The impact of nebular emission on the broadband fluxes of high-redshift galaxies

TL;DR

This paper evaluates how nebular emission significantly affects broadband flux measurements of high-redshift galaxies, emphasizing the importance of including nebular contributions for accurate interpretation of early galaxy properties.

Contribution

It provides a detailed analysis of nebular emission effects on broadband fluxes across various filters and redshifts, highlighting the need to incorporate nebular components in galaxy models.

Findings

Nebular emission can significantly influence broadband fluxes at high redshifts.

Ignoring nebular emission leads to systematic errors in age and mass estimates.

Careful modeling of nebular contributions is crucial for interpreting early galaxy observations.

Abstract

A substantial fraction of the light emitted from young or star-forming galaxies at ultraviolet to near-infrared wavelengths comes from the ionized interstellar medium in the form of emission lines and a nebular continuum.

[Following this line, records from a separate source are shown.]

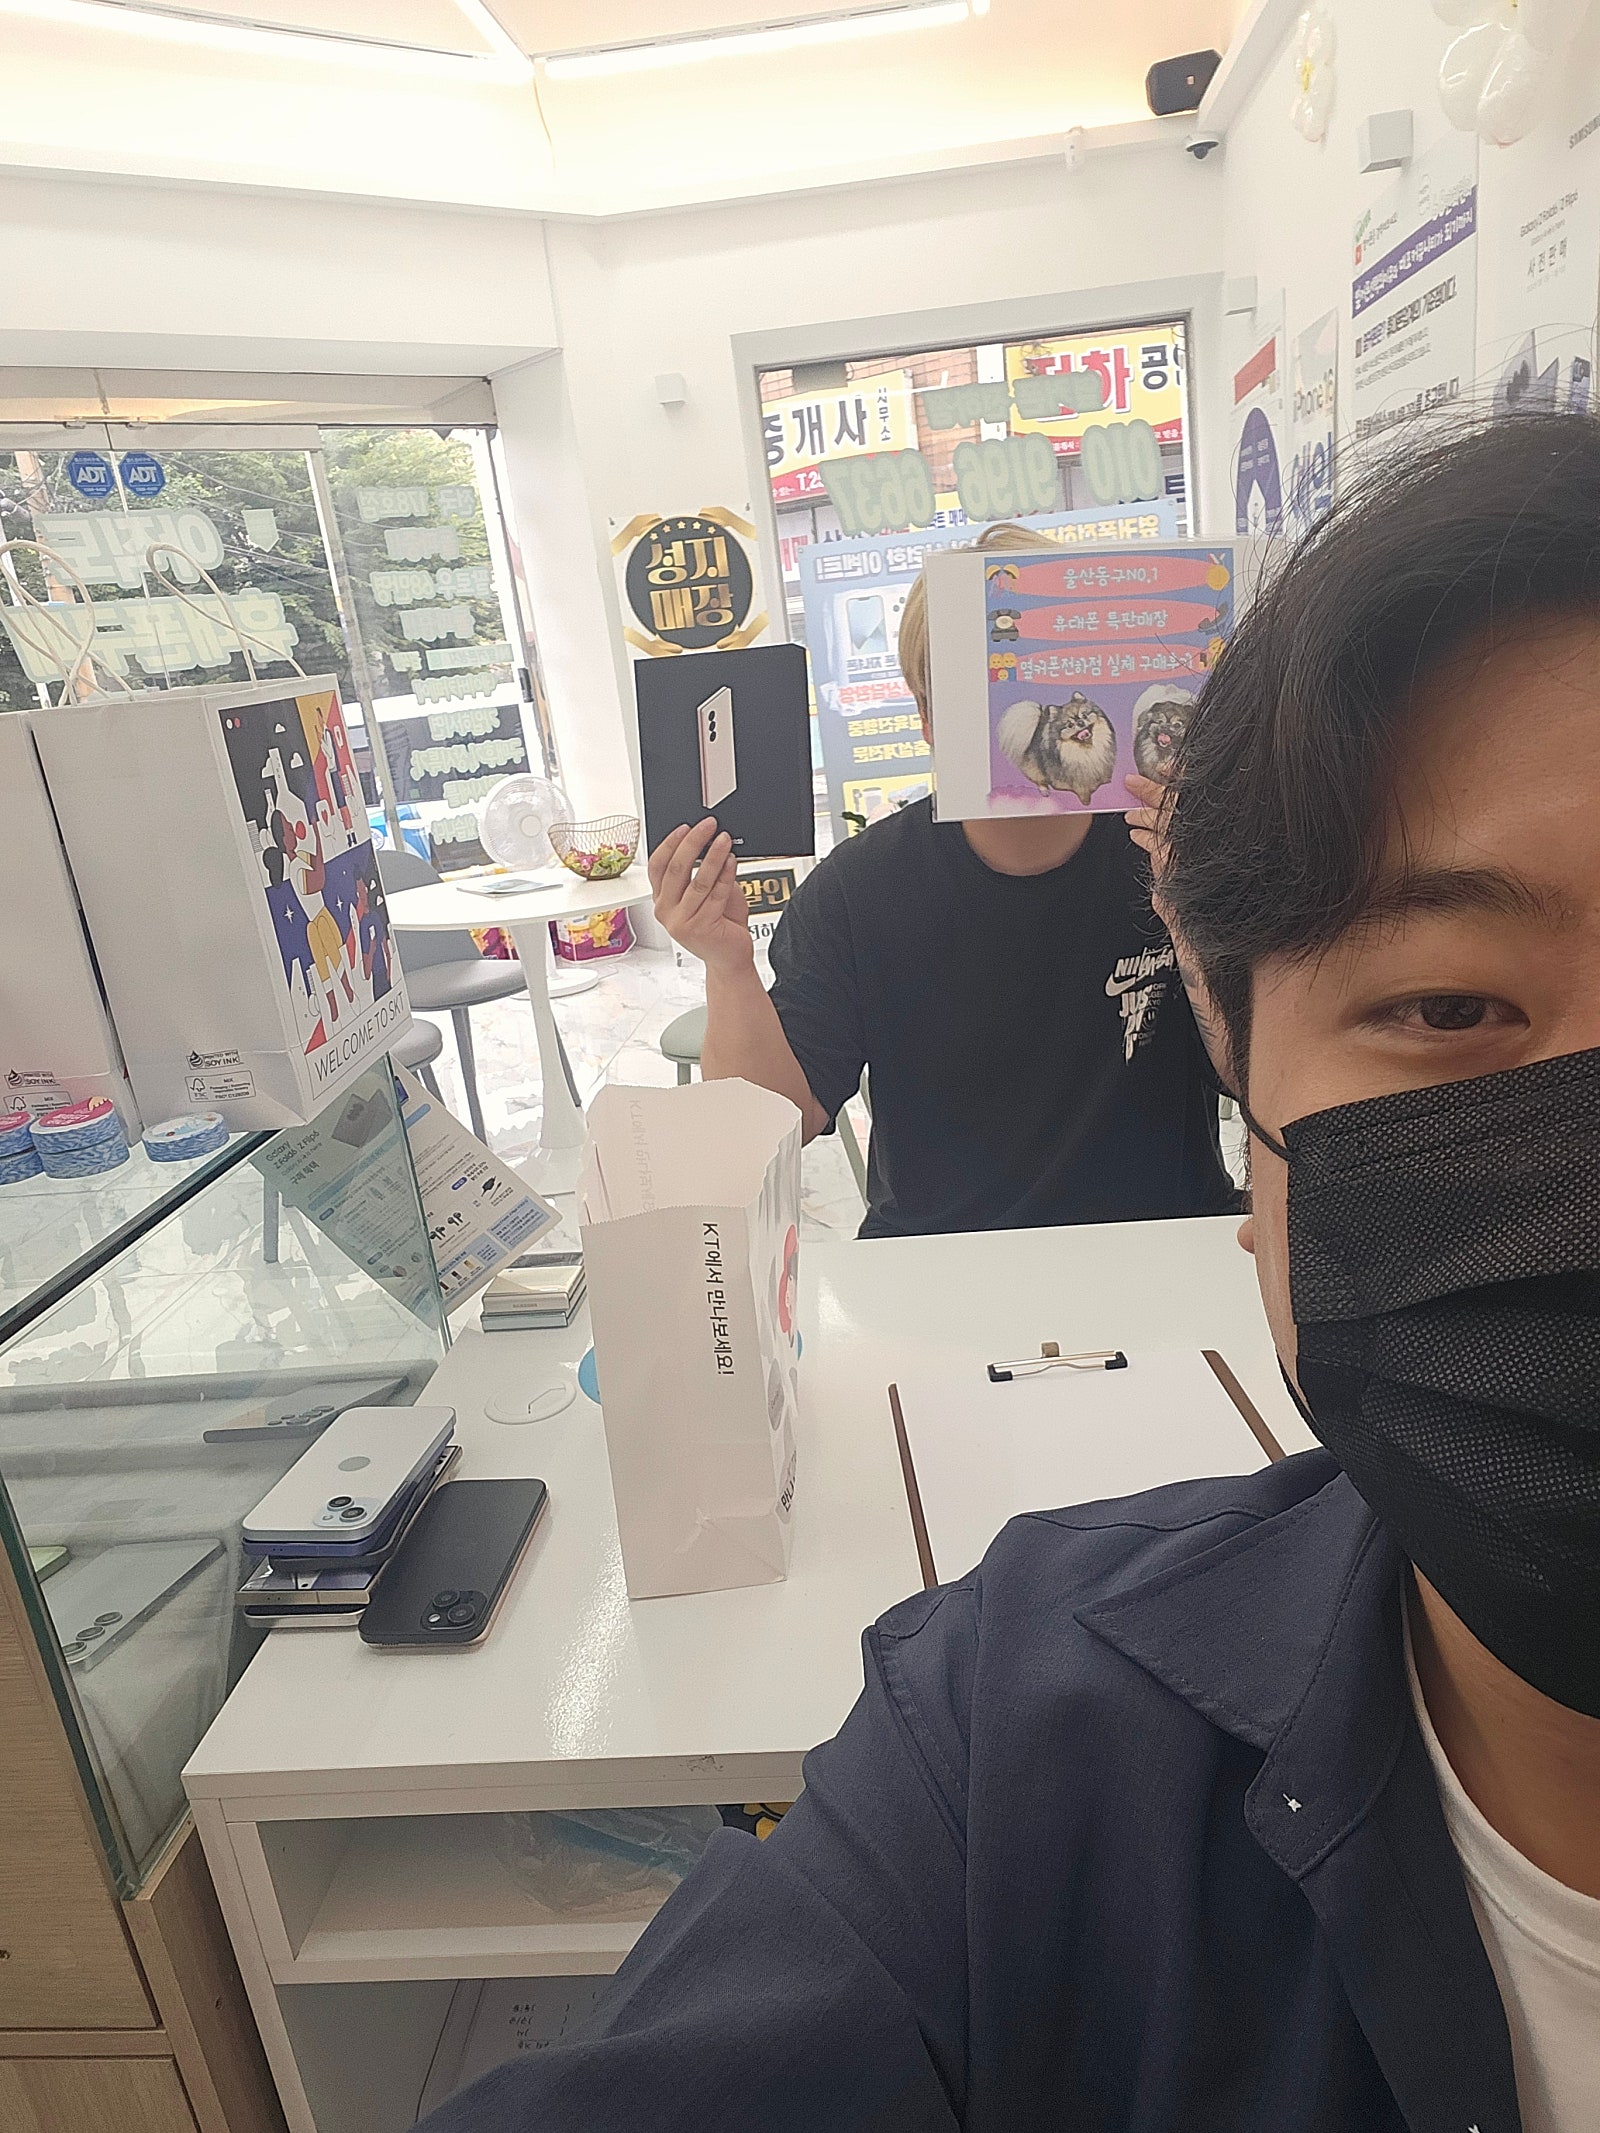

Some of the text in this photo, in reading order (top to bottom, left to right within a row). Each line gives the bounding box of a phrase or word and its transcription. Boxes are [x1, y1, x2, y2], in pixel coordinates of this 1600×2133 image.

[77, 466, 106, 483] ADT
[129, 466, 157, 483] ADT
[645, 536, 731, 585] 성지
[1063, 566, 1158, 589] 울산동구NO.1
[650, 584, 734, 631] 매장
[1053, 609, 1169, 632] 휴대폰 특판매장
[1107, 653, 1136, 677] 실제
[314, 991, 404, 1082] WELCOME TO SKT
[223, 1057, 238, 1065] INK
[702, 1222, 735, 1376] KT에서 만나보세요!

At high redshifts, star formation rates are on average higher and stellar populations younger than in the local Universe. Both of these effects act to boost the impact of nebular emission on the overall spectrum of galaxies. Even so, the broadband fluxes and colours of high-redshift galaxies are routinely analyzed under the assumption that the light observed originates directly from stars. Here, we assess the impact of nebular emission on broadband fluxes in Johnson/Cousins BVRIJHK, Sloan Digital Sky Survey griz and Spitzer IRAC/MIPS filters as a function of observed redshift (up to z=15) for galaxies with different star formation histories. We find that nebular emission may account for a non-negligible fraction of the light received from high-redshift galaxies. The ages and masses inferred for such objects through the use of spectral evolutionary models that omit the nebular contribution are therefore likely to contain systematic errors. We argue that a careful treatment of the nebular component will be essential for the interpretation of the rest-frame ultraviolet-to-infrared properties of the first galaxies formed, like the ones expected to be detected with the James Webb Space Telescope.